Dos 347 mapeados, 297 afirmaram interessar-se especialmente pela literatura do presente. Menciono a seguir os autores contemporâneos mais citados nos questionários: Chico Buarque de Hollanda, com 70 referências; Rubem Fonseca, com 67; Milton Hatoum, com 64; Bernardo Carvalho, com 51; Luiz Ruffato, com 47; o crítico Roberto Schwarz, com 37; Silviano Santiago e Paulo Coelho, com 31. O importante é assinalar o grande leque de leituras: não parece existir, como se imaginava, uma concentração exclusiva nos autores considerados clássicos, mas, pelo contrário, percebe-se uma curiosidade real pela produção contemporânea.

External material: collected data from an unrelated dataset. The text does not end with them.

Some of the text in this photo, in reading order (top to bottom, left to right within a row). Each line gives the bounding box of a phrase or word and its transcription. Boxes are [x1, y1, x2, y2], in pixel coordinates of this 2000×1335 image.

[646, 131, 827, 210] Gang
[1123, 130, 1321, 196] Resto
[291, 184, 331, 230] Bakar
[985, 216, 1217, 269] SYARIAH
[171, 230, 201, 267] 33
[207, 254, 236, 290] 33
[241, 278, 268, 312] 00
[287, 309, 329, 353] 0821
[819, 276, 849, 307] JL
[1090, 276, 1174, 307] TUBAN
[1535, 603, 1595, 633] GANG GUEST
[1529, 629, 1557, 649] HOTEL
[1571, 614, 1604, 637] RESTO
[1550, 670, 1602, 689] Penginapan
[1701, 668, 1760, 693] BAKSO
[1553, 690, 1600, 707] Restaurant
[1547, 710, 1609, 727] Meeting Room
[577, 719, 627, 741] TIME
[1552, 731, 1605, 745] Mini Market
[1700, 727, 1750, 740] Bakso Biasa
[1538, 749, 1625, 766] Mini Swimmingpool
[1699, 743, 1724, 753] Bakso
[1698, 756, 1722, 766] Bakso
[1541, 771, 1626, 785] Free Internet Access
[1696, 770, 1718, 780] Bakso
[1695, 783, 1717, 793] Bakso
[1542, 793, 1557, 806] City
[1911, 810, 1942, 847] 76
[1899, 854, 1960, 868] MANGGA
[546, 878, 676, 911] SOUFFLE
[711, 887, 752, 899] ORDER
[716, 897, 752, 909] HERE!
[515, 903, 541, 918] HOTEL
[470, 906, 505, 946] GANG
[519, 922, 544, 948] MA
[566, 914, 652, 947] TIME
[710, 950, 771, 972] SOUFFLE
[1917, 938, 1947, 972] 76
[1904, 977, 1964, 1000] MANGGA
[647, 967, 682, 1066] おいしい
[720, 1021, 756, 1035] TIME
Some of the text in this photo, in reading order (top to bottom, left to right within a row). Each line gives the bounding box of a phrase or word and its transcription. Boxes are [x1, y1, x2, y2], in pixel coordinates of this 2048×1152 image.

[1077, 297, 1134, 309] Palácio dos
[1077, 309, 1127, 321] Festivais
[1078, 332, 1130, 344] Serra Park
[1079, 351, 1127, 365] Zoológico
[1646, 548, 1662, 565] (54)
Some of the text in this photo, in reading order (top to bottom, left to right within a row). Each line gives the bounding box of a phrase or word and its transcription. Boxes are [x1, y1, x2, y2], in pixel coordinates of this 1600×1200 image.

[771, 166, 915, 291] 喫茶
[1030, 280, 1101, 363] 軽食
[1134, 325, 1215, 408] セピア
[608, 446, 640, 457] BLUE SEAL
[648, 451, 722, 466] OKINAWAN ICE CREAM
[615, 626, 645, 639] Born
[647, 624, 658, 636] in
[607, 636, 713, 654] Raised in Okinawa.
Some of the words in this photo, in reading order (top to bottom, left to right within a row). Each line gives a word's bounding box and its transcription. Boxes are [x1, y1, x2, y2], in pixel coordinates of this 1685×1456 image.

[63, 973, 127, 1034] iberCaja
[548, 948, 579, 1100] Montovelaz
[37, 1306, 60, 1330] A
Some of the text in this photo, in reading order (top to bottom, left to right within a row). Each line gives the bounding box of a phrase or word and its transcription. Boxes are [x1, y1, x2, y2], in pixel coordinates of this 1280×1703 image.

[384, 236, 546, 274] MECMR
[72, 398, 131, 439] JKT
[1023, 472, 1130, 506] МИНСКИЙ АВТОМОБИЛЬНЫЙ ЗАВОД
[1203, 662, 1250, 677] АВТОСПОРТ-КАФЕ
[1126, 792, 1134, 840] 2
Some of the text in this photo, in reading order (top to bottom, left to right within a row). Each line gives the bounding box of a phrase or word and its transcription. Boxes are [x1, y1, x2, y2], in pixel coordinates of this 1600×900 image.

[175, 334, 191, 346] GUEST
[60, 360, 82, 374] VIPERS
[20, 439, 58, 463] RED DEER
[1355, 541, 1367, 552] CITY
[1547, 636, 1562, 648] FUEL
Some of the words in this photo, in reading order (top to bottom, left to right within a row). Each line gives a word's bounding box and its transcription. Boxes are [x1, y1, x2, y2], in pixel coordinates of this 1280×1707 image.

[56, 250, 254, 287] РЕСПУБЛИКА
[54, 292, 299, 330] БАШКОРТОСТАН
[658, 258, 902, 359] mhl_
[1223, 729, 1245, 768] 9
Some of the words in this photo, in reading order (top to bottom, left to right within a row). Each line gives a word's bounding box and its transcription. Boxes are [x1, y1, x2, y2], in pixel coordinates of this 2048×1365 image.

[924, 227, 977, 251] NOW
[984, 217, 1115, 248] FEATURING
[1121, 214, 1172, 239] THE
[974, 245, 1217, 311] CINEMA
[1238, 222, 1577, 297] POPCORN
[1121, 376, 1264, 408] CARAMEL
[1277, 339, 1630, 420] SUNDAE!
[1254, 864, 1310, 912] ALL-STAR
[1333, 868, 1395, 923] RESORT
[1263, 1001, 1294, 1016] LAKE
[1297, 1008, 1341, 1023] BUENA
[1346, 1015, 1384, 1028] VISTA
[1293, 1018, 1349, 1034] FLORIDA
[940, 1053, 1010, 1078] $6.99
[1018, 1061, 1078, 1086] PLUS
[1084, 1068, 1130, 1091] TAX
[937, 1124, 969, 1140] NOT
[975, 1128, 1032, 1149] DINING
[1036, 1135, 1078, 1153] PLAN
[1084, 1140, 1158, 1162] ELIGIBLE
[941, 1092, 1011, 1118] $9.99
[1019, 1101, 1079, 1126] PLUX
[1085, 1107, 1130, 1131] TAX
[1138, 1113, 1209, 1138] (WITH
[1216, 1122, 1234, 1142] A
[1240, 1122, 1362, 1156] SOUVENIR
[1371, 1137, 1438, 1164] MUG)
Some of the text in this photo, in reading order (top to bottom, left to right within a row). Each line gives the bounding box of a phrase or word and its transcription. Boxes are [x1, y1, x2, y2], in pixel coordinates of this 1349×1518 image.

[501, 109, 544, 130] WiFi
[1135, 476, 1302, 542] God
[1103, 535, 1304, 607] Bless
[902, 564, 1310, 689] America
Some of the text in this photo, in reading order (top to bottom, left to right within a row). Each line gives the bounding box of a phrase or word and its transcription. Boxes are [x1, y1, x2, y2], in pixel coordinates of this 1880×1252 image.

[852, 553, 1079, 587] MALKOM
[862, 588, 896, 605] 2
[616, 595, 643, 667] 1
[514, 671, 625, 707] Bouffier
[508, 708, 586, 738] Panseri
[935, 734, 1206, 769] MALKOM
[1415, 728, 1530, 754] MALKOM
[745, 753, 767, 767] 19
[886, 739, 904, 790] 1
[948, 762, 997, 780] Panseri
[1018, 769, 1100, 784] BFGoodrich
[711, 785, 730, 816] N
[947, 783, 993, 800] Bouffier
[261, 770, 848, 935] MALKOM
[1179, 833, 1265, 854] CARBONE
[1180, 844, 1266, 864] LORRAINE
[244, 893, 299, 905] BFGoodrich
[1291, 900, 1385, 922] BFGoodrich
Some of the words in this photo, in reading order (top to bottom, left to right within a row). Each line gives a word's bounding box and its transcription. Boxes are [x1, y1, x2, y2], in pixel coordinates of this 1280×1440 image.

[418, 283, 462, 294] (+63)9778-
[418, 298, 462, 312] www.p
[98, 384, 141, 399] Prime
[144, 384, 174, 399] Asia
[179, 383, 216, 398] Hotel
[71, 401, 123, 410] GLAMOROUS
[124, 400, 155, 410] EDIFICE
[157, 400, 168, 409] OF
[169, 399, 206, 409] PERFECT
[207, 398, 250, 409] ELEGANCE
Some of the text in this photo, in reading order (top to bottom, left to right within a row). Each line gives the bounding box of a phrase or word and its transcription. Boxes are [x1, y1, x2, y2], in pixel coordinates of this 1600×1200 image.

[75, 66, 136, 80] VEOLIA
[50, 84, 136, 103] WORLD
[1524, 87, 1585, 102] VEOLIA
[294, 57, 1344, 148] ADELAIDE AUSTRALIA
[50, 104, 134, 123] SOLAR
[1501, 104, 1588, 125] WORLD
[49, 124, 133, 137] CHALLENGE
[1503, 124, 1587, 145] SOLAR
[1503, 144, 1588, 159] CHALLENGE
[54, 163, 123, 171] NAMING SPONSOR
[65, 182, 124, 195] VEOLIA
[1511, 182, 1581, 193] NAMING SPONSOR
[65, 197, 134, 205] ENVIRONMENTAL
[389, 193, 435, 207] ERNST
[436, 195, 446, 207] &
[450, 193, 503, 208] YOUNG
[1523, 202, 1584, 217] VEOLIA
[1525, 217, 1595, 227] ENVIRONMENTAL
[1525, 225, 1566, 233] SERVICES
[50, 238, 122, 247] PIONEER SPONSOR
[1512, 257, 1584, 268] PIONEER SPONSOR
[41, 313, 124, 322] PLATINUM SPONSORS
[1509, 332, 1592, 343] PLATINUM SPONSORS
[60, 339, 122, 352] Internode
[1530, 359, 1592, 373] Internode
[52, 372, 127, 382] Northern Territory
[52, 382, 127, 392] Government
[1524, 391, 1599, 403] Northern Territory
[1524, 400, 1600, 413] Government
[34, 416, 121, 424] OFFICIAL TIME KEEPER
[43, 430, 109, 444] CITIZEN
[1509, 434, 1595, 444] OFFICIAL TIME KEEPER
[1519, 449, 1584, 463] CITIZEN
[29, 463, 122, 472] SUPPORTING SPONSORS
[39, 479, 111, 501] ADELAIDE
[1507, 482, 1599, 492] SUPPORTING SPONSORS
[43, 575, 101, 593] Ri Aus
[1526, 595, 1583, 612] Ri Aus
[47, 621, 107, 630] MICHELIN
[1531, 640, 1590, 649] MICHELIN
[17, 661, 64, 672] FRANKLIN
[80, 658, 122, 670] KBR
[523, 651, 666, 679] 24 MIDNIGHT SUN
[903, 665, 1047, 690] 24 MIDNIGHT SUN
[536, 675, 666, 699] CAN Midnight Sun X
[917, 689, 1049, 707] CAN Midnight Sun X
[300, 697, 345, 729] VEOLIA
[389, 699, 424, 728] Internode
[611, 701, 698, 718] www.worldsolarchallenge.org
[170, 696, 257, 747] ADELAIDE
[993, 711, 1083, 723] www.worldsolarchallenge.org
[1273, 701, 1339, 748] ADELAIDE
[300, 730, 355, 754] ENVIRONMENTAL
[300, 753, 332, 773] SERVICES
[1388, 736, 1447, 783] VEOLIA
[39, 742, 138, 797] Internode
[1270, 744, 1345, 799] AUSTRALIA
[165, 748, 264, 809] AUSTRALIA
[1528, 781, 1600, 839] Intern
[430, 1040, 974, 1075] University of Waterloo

Aliás, a preocupação com a produção do presente determina o norte das atividades do Itaú Cultural na área da literatura. Nessa direção, a resposta de Aquiles Alencar Brayner, curador digital da British Library (Londres), merece transcrição integral: “A literatura brasileira vem conquistando cada vez mais espaço entre o público britânico. O que se nota nas universidades da Grã-Bretanha, por exemplo, é um crescente interesse por parte de alunos e pesquisadores em trabalhar tanto sobre a obra de autores já consagrados quanto sobre a obra de autores contemporâneos que vêm encontrando fácil acesso ao leitor britânico graças às traduções de suas obras, como é o caso de João Gilberto Noll e Rubem Fonseca, para citar alguns nomes”. Berthold Zilly, da Universidade Livre de Berlim (Alemanha), chega a afirmar, contrariando ou ao menos matizando um célebre lugar-comum: “O interesse pelo português é muito grande, e se houvesse mais oferta de curso, haveria mais estudiosos da língua”. Leia-se, nesse sentido, uma passagem do questionário de Victor K. Mendes: “A literatura brasileira contemporânea é a mais vibrante das literaturas em português. Em minha opinião, está ainda longe de ter alcançado o potencial de reconhecimento e de circulação internacional que a sua qualidade e a projeção global do Brasil merecem”.

Coda
O programa Conexões Itaú Cultural ajuda a superar tabus e lugares-comuns. É óbvio que a presença da literatura brasileira no exterior não é dominante, mas, certamente, é maior do que sempre se supôs, e, sobretudo, apresenta potencial de crescimento. E, muito embora não seja missão do Conexões desenvolver políticas públicas, a criação de um banco de dados eficiente deverá permitir a formulação de políticas culturais mais realistas.


[1] Idem, p. 32.


[2] Fernanda Peixoto Massi. Brasilianismos, “brazilianists” e discursos brasileiros. Estudos Históricos, vol. 3, n. 5, p. 29, 1990.